As Kristina has grown into her role, she’s committed more time than most luxury CEOs to championing women and diversity within the industry. Most recently, as part of the judging panel of the Veuve Clicquot BOLD Woman Awards, the world's longest-running international business woman awards.

“In our industry there are a lot of female family leaders, like the Missoni family, and the women that I have met in the ten years that I have been fully immersed in the world of fashion have blown my mind.

“The level of innovation, the ability to think so dynamically, and just the passion..my goodness, it feels like a real sisterhood. I feel safe in it and that's such a wonderful feeling to have.”

She says she partakes in initiatives like the BOLD Woman Awards because the process is as inspirational as it is important. “We started the process pre-COVID. The judging panel had already met a couple of times, then everyone was introduced to the nominees, and there were just shivers going up and down my spine.

“I got goosebumps hearing where people came from, why they've done what they've done. It wasn't really what they've done, it was the why that really fascinated me. The journey that got them there."

Kristina’s own journey is atypical of the fashion industry—neither she, her mother, or uncle studied fashion or business. “He built his business purely from passion and creativity—and that passion radiated out of him. As a result, he made the most amazing friends and connections. My mother steered and navigate the business into the foundations of what it is today and, again, that wasn't done through any MBA, it was done through absolute common sense.

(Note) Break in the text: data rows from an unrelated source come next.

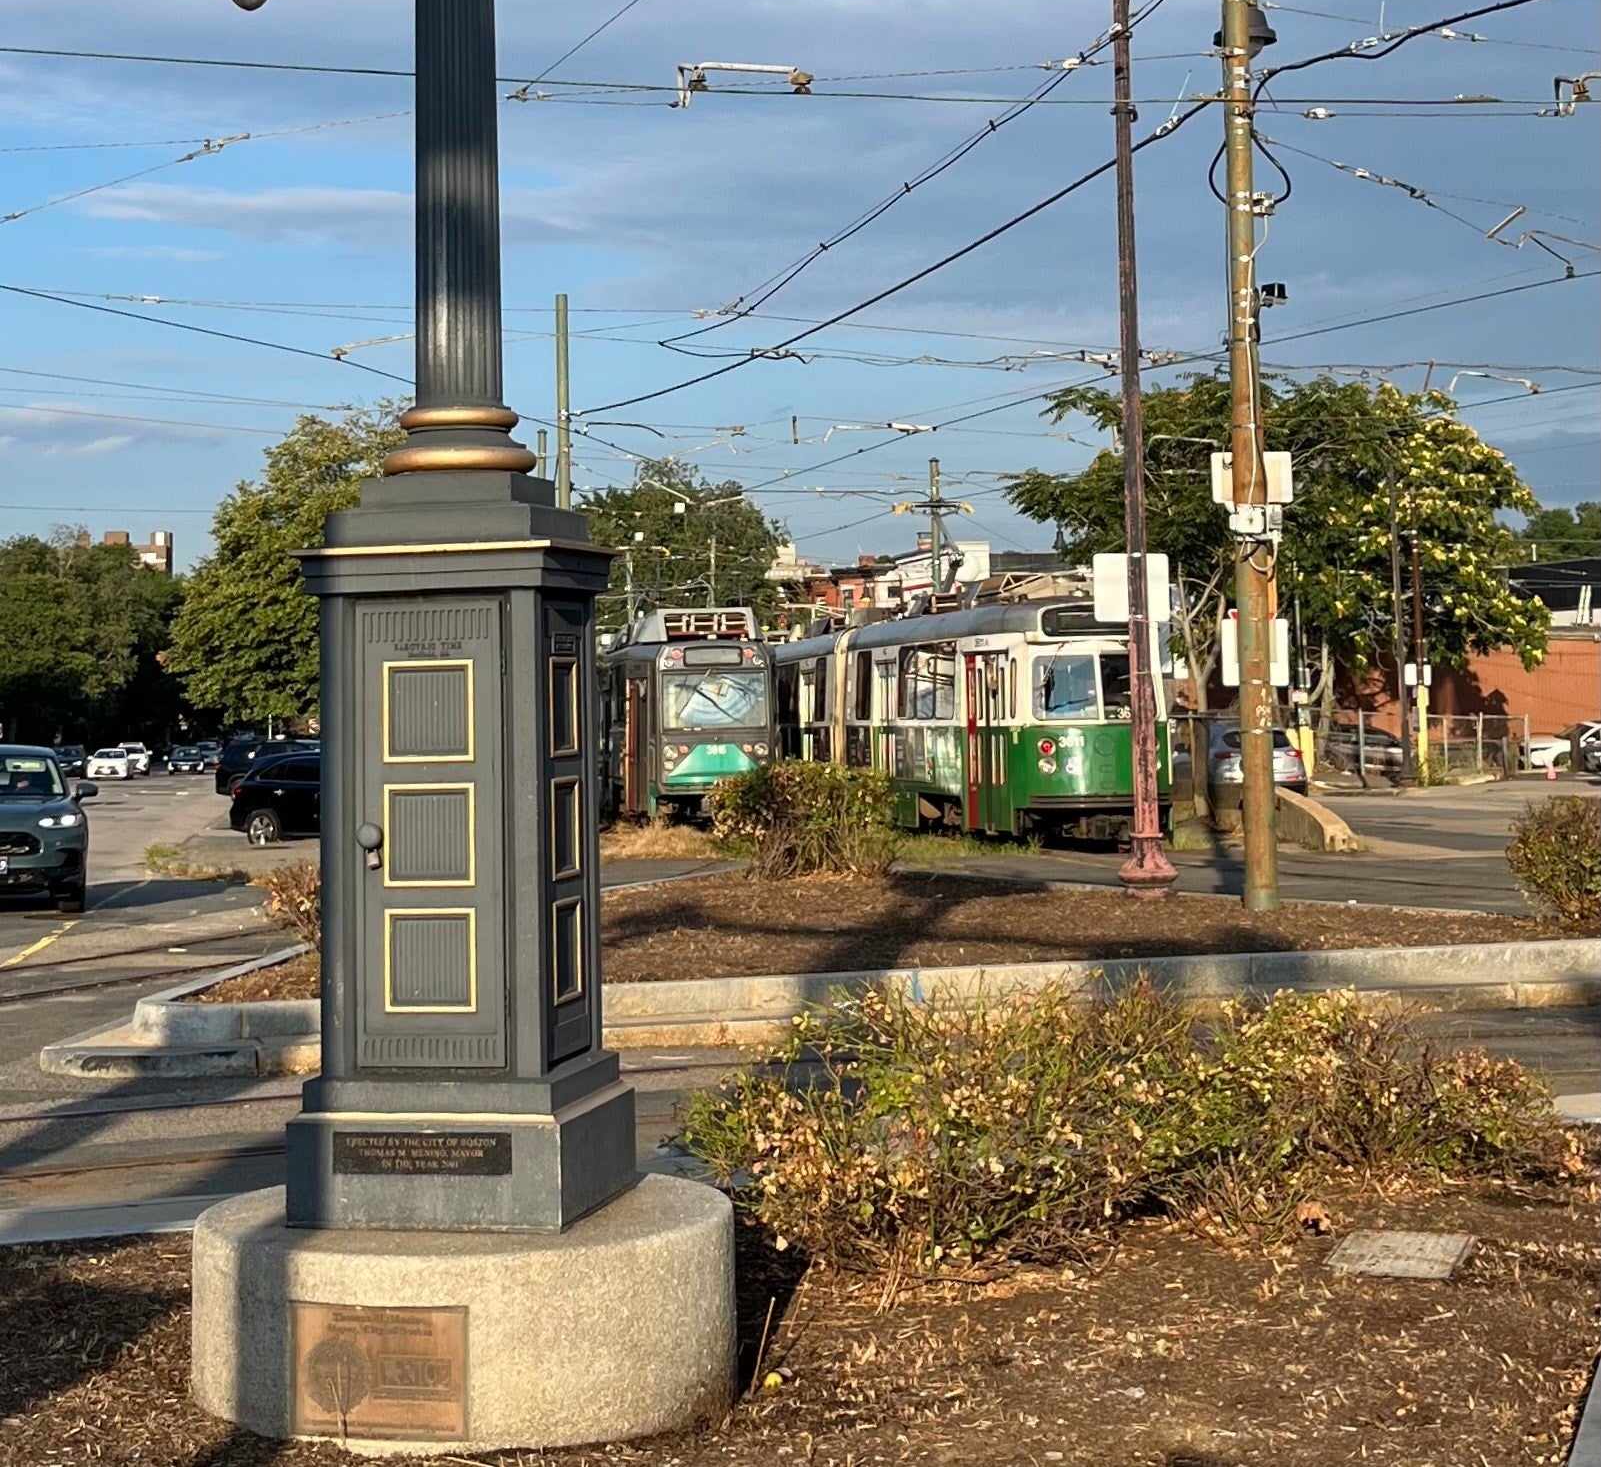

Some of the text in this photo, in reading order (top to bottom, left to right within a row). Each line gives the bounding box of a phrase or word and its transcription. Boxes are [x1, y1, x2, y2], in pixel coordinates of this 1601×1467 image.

[388, 1137, 401, 1147] BY
[403, 1138, 422, 1147] THE
[423, 1138, 444, 1147] CITY
[445, 1138, 459, 1147] OF
[461, 1137, 497, 1147] BOSTON
[359, 1148, 396, 1158] THOMAS
[450, 1148, 484, 1158] MAYOR

“I think people probably make assumptions that you need to have X, Y and Zed under your belt before you can get to the next stage, but actually sometimes it just takes a leap of faith. A lot of the women who have been nominated for the Bold Awards have done exactly that. They're not coming from a world of enormous expertise in certain areas, they've just taken that bold step forward and launched things that are innovative, disruptive, dynamic, exciting, and really paving the path for the future.”

The company now produces four women’s collections each year, plus bags and a men’s collection, and Manolo still sketches every shoe himself, working with Kristina to bring each piece to fruition.

Which, in a global pandemic, has proved more difficult than ever. “Manolo always goes to the factories, and then I go a couple of days after him. Thank goodness the technology is what it is now, and thank goodness we have the relationships with our factories that we have.”

Last year the company acquired Re Marcello, an Italian factory it has worked with for decades, in an unprecedented but smart move for a small luxury player. For Manolo, whose shoes are highly detailed and technically challenging, investing in quality manufacturing is imperative.

"Nurturing relationships is so important,” says Kristina, as we discuss the brand’s first virtually-designed collection. “They understood what Manolo needed, Manolo was able to communicate to them, and they were able to interpret it virtually.

“There were cameras everywhere, pointing at desks, faces, sheets of paper everywhere,” she throws her hands up. “Humans are amazing at adapting, and we've done exactly that."

All while personally juggling the roles of mother, teacher, cook, cleaner, CEO and “everything that you've never expected to be doing all at the same time.”

A worthwhile challenge, in Kristina’s estimations. “I want to see more of Manolo's magic being seen by the world. I want to see the word 'art' in artisan, and that being the thing that is celebrated.”